And he’s not alone. I’ve noticed that people love those Tate’s chocolate chip cookies, which are crisp, not chewy. I was skeptical when I saw those bags of thin, crisp chocolate chip cookies in a U.S. supermarket. But when someone brought me a bag to try, I found them compelling (i.e.; irresistible) and had no trouble polishing off the sack.

So I was delighted to see a recipe in Pastry Love for thin, crisp chocolate chip cookies. I got an advance PDF copy of the book before it was published, and the internet is great for a lot of things, but I still like to bake from an actual cookbook, so I anxiously awaited the cookbook to be published.

Since receiving it, I haven’t gotten to the seed-filled Breakfast Cookie recipe yet, but the Flower Power Date Bars tastes like what you wish an energy bar tasted like, and they’re vegan, gluten-free, and without any refined sugar.  While some people don’t (or can’t) love butter, gluten, or sugar, I loved those bars.

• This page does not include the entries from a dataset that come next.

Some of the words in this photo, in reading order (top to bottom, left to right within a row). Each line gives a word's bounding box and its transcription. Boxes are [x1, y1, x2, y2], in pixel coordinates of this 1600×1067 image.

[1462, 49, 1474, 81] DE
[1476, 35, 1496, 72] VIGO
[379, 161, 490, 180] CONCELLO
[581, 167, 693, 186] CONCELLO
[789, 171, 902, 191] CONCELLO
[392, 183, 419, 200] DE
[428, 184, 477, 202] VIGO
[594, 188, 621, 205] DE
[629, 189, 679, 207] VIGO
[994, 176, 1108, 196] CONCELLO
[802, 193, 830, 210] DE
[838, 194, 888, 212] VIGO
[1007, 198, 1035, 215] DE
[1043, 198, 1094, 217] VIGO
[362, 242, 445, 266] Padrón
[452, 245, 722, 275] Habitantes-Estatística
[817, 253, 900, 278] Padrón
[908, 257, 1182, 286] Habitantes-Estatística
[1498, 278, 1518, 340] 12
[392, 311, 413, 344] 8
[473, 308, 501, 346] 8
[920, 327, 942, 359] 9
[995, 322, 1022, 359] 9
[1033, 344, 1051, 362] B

Somehow, Joanne managed to practically reinvent baking with this book and it’s one of those rare cookbooks where I really do want to make everything in it. The recipes are do-able and each one is photographed, so you know what you’re getting into. There are Spelt Croissants, Vegan Chocolate-Banana Muffins, and Apple Cider Sticky Buns (and Sticky Bun Kouings Amanns, too) as well as a Double Lemon Tart, Dulce de Leche Brioche buns, colorful Peppermint Meringues and Double Chocolate Rye Cookies, which are next on my baking roster.

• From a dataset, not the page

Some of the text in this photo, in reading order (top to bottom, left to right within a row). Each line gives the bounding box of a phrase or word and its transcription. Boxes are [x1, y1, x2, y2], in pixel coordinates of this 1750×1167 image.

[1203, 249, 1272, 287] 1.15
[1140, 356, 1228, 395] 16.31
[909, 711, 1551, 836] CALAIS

But for now, yes, many chocolate chip cookies were consumed in the making of this post. The original recipe produced thin chocolate chip cookies that had some heft to them. They were excellent but I wanted them even thinner, and more caramelized. So I took out a little of the flour, which worked perfectly, and I got that crispy-thin texture that I was looking for, which I love.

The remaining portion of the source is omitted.